I’m a sucker for unique packaging. I like minimalist backgrounds, pops of color, and fonts that look like giggles and tickles. I saw this on the shelf at The Fresh Market the other day.
Usually, when I grocery shop, I try to stick to the list I’ve prepared. For the most part, my cart is full of produce and fresh foods. I try to keep the packaged foods to a minimum. Like I said, however, I’m a sucker for packaging. I mean, look at this box! Let’s break down why I find it so appealing.
1. Marion’s Kitchen — one of my grandma’s was named Marion. She didn’t cook, though.

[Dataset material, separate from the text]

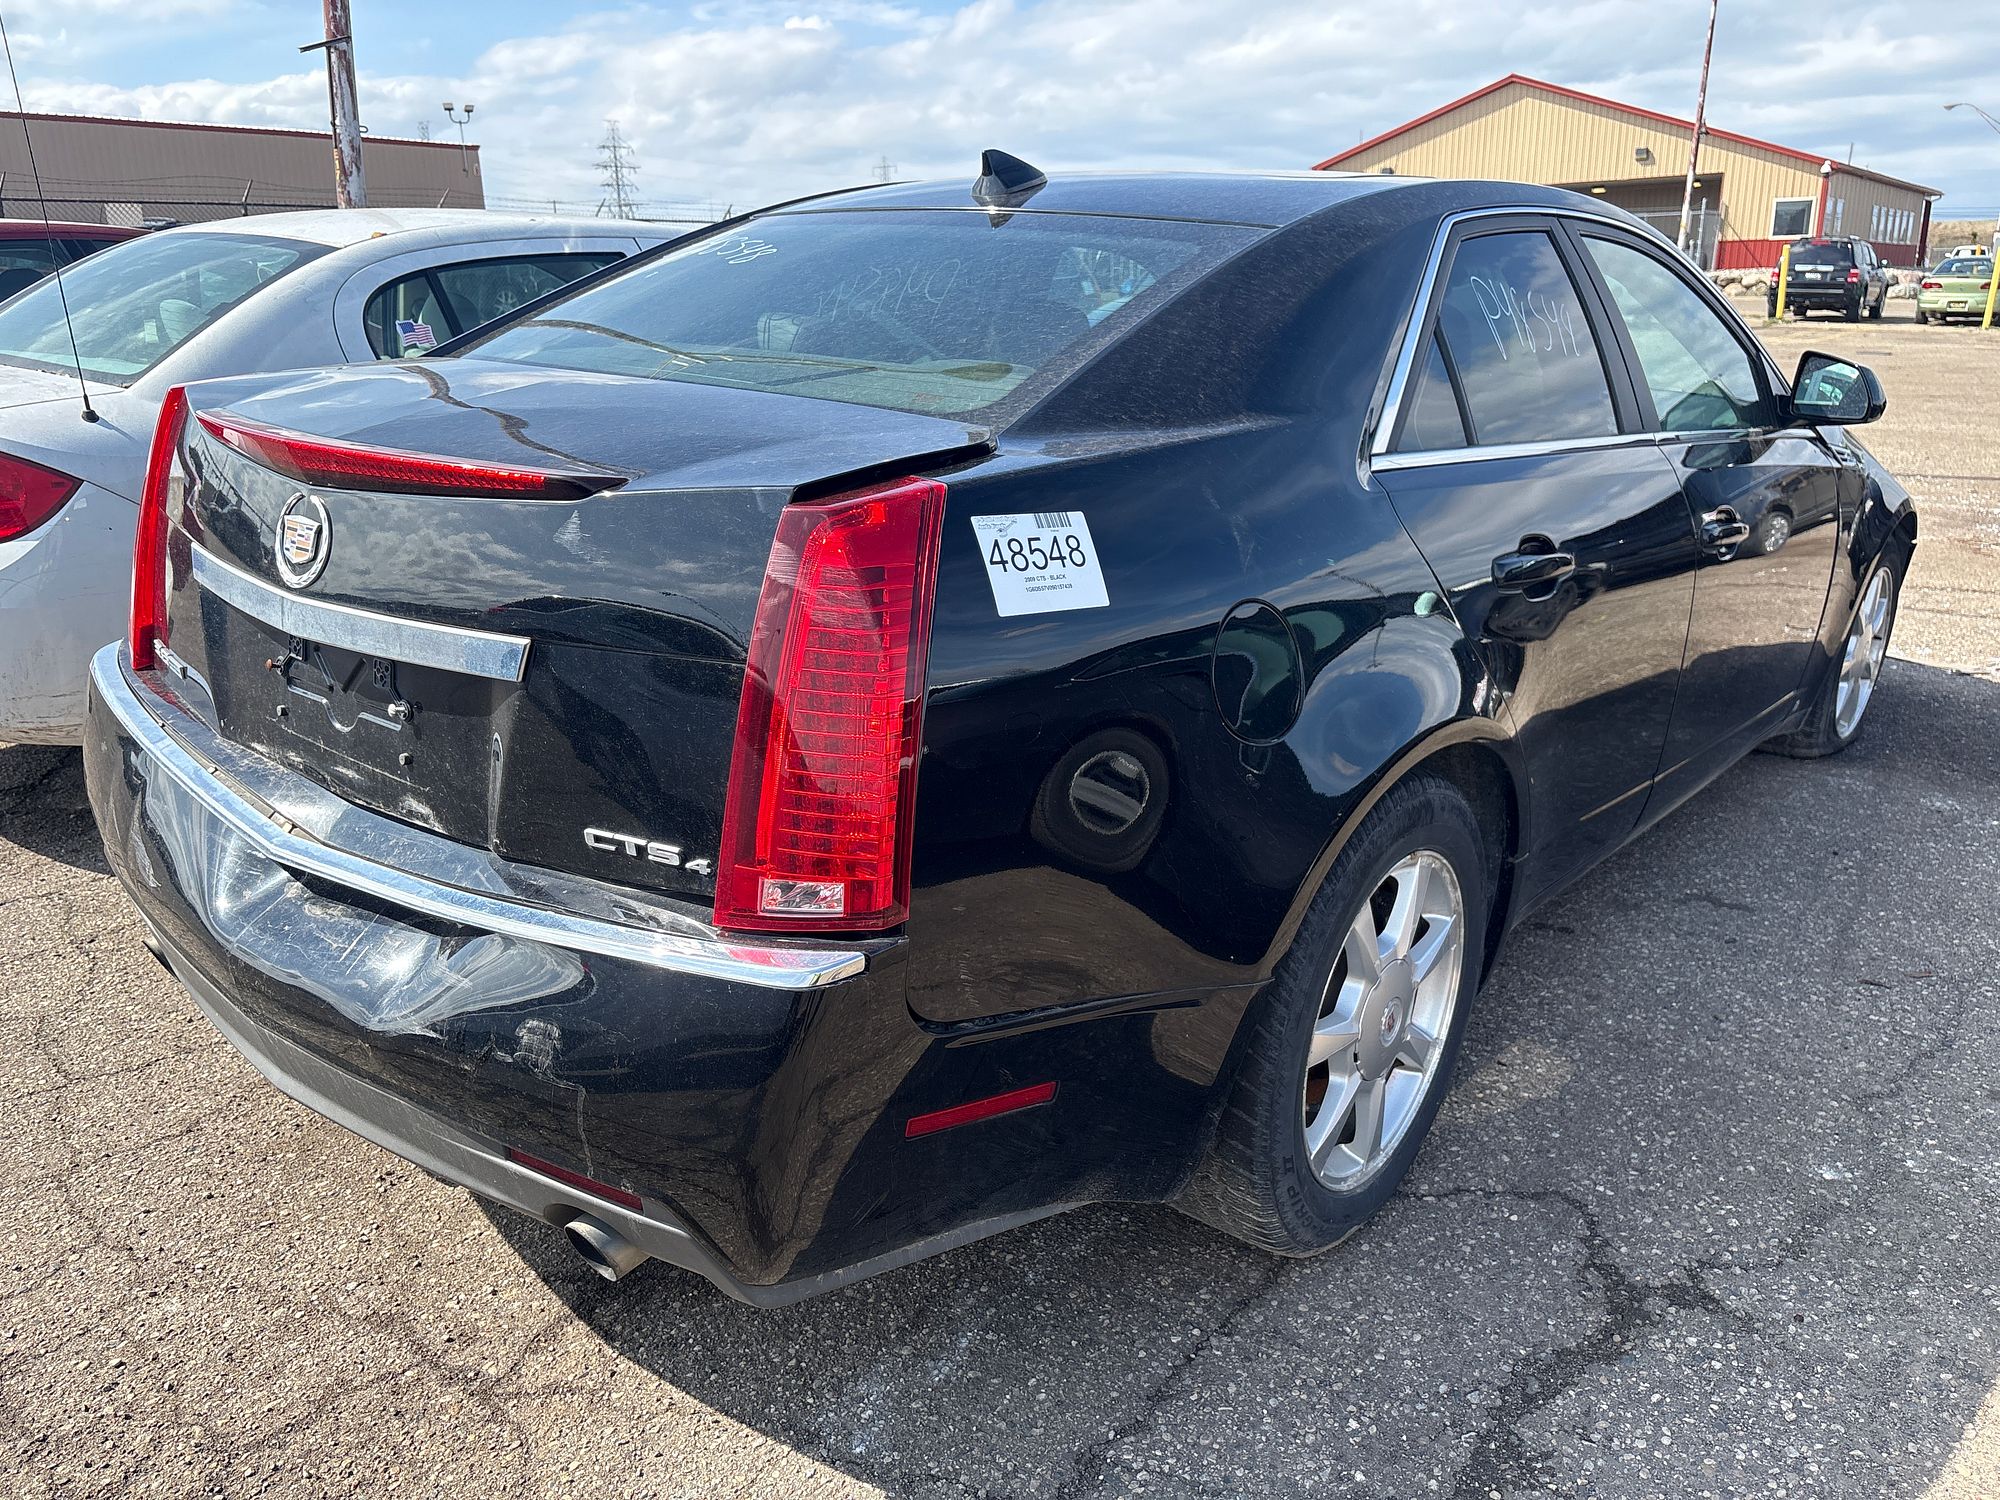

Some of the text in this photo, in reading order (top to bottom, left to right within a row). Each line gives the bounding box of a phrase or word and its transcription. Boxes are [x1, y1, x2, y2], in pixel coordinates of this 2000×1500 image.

[989, 535, 1086, 573] 48548
[1049, 573, 1067, 581] BLACK
[583, 828, 712, 875] CTS 4

2. Pad Thai — Um, delicious much?!
3. Black and White Photo of a smiling woman — Black and white photography is a favorite style of mine. As for the woman, well, I don’t know her, but that grin says, “Yes! You can make Pad Thai in two easy steps and it will be incredible! Look at my smile! It says you are a Top Chef and Asian cuisine is your specialty!” Well, maybe it doesn’t say all that, but it’s implied.
4. The text — I don’t know the font, but I know it’s not Comic Sans. 2 steps for 2-4 people in 20 minutes? What’s not to like? The promise of quality ingredients? Well, since you’re supplying them yourself, you’ve got control over that.

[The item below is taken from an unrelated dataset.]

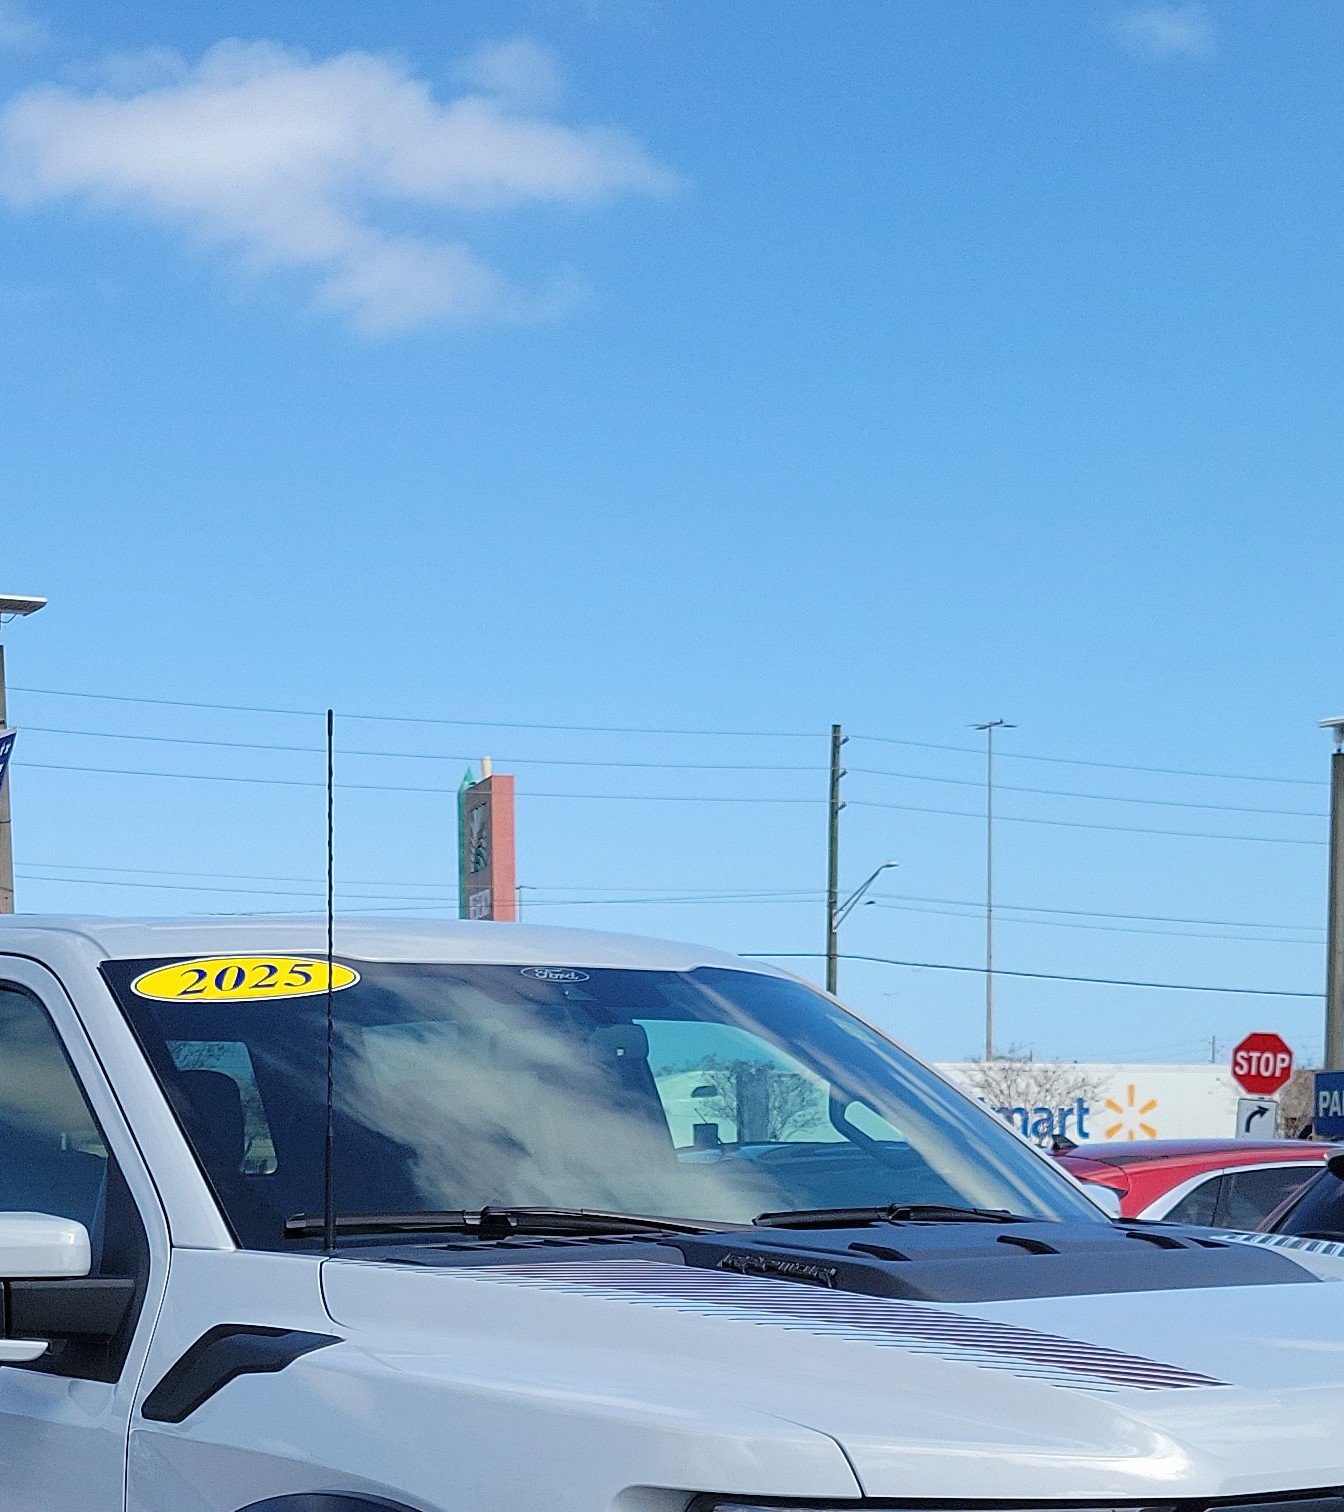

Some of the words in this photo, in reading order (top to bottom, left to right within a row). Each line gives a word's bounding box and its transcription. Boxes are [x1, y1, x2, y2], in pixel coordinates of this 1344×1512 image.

[175, 962, 314, 997] 2025
[1234, 1050, 1292, 1078] STOP
[978, 1097, 1090, 1140] mart

It’s no surprise this box made it from the shelf to the cart to my kitchen counter. Even though we are in the midst of grilling season, I took a break from searing steaks and I served this dish along with some Trader Joe’s Asian Cousin — Trader Ming’s — favorite side dishes: potstickers, cha siu bao, and scallion pancakes. With a head of steamed broccoli for some additional color and nutrition, I had a complete meal in a little over 20 minutes.

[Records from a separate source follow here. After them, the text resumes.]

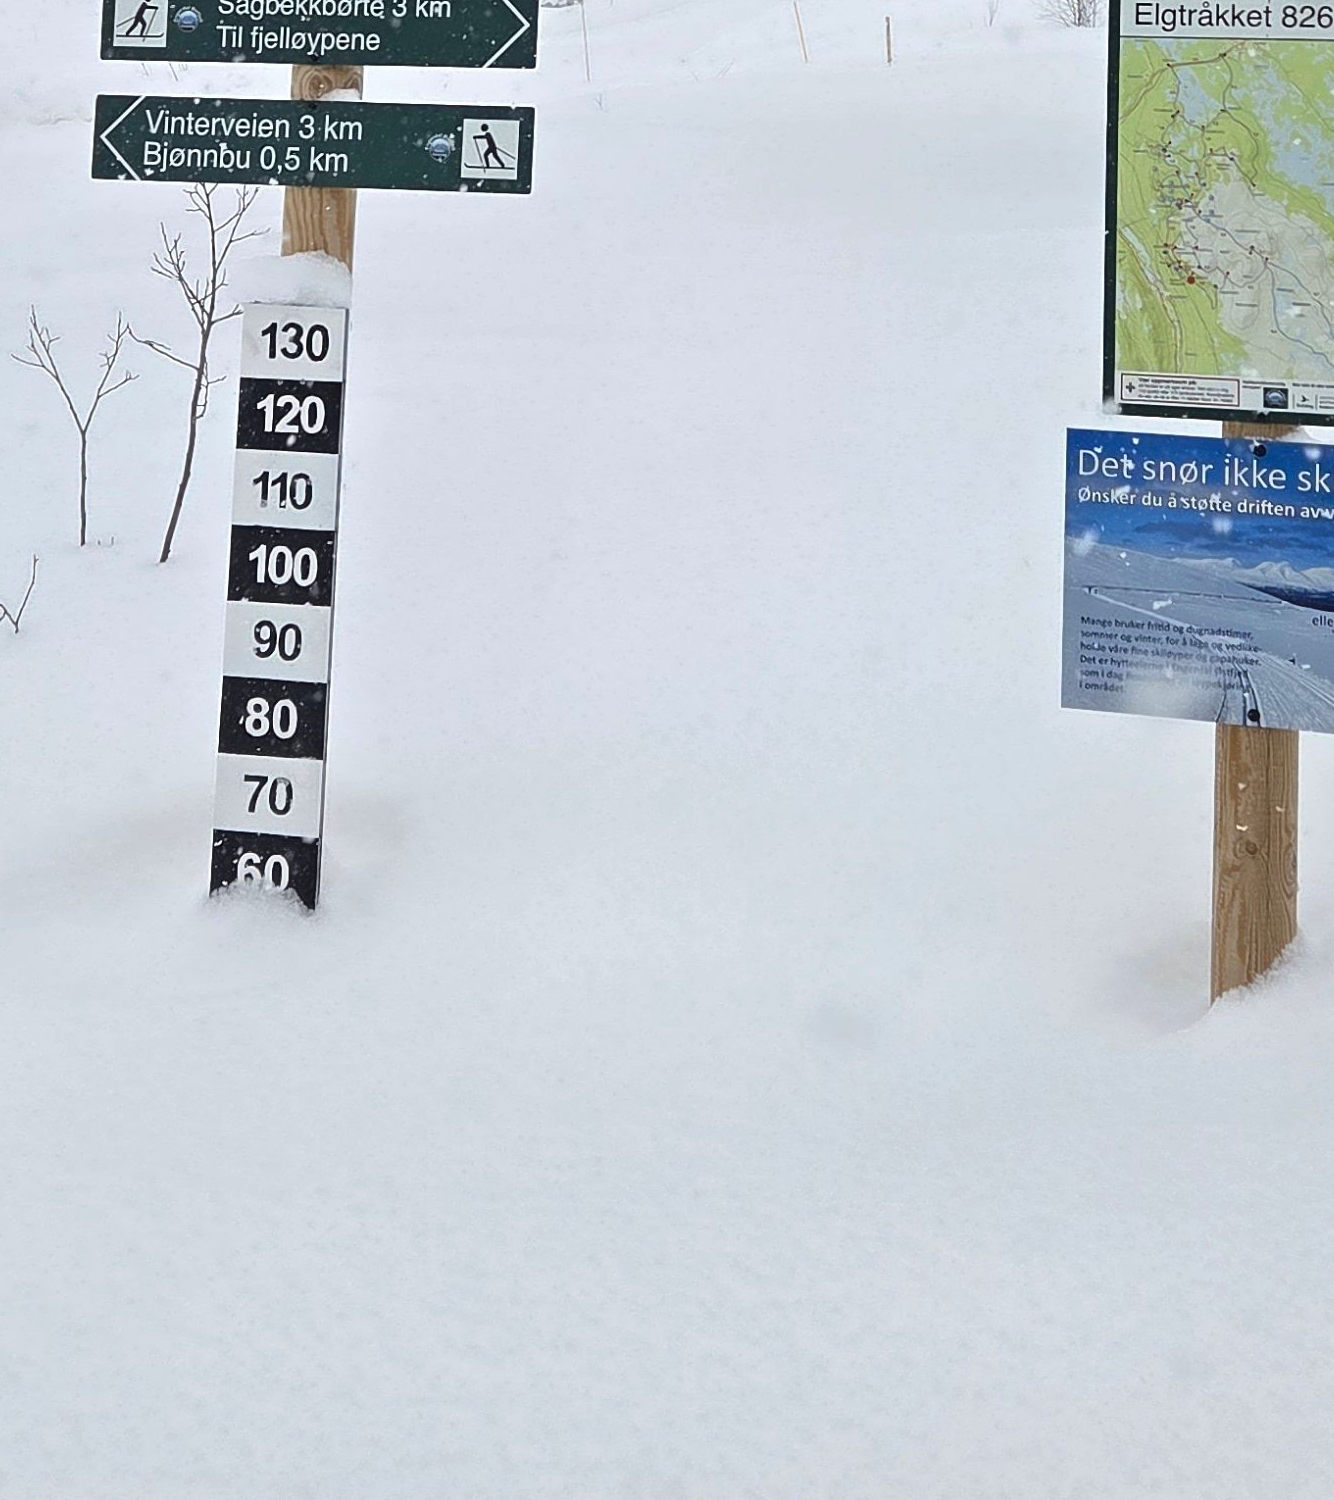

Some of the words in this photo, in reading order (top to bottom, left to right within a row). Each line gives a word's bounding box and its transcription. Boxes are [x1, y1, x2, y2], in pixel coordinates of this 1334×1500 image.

[1135, 1, 1272, 32] Elgtråkket
[1281, 5, 1334, 28] 826
[216, 25, 243, 48] Til
[250, 26, 380, 56] fjelløypene
[145, 109, 290, 138] Vinterveien
[298, 114, 315, 138] 3
[324, 114, 363, 140] km
[143, 141, 251, 172] Bjønnbu
[260, 145, 300, 174] 0,5
[309, 146, 348, 172] km
[261, 322, 329, 362] 130
[256, 394, 325, 435] 120
[1079, 449, 1133, 478] Det
[1143, 459, 1213, 486] snør
[1224, 457, 1287, 490] ikke
[252, 471, 312, 510] 110
[1078, 485, 1136, 505] Ønsker
[1142, 491, 1162, 507] du
[1168, 493, 1177, 508] å
[1237, 500, 1295, 518] driften
[248, 545, 318, 586] 100
[253, 620, 302, 661] 90
[1080, 615, 1113, 628] Mange
[1116, 618, 1145, 630] bruker
[1172, 624, 1184, 634] og
[1120, 633, 1132, 644] og
[1080, 654, 1096, 665] Det
[1098, 657, 1109, 666] er
[244, 698, 298, 739] 80
[244, 774, 293, 815] 70

As far as the flavor profile, it was certainly evocative of pad thai. All of the elements were there: chicken, rice noodles, scallions, egg — I even added some crushed peanuts on top for crunch. My noodles weren’t as soft and slippery as you would find a traditional Thai restaurant, nor was my chicken sliced as thinly. Both of those kitchen tricks come with practice. The flavor of the sauce was sweet and tangy, but again, not exactly identical to the pad thai sauce I’ve had in restaurants. We certainly ended up with more than 2-4 servings, which I was happy to share with my parents when they came to visit the following day. Much like it’s cousin, Chinese take-out, this Pad Thai was even better the second day.
With other dishes like Butter Chicken and Red Thai Curry, looks like Marion has a few other things cooking in her kitchen. Maybe I will, too. Happy Friday, y’all!
Instructions from Marion’s Kitchen Pad Thai Kit
– rice stick noodles
– pad Thai sauce
– 2 Tbsp vegetable oil
– 400g thinly sliced chicken, pork or whole peeled prawns
– 1 egg, lightly beaten
– 1 spring onion, finely sliced
– lemon wedges to serve
1. Place RICE STICK NOODLES in a large heat-safe bowl and cover with boiling water. Use a fork to stir and separate the noodles then leave to soak for about 5 minutes or until softened. Drain noodles and rinse with cold water. Set aside for later.
2. Heat oil over high heat and fry your favorite meat or prawns for up to 5 minutes (2-3 mins for prawns) or until just cooked through. Push everything to one side of the pan and add egg to the empty side. Let egg set for a minute or until just starting to firm up. Break up egg with a spatula, then toss through your meat or prawns. Add softened rice stick noodles to the pan, along with my PAD THAI SAUCE. Use tongs to separate and toss noodles through the sauce until mixed through. Remove pan from heat and toss though spring onion. Serve with lemon wedges to squeeze over just before eating. Enjoy!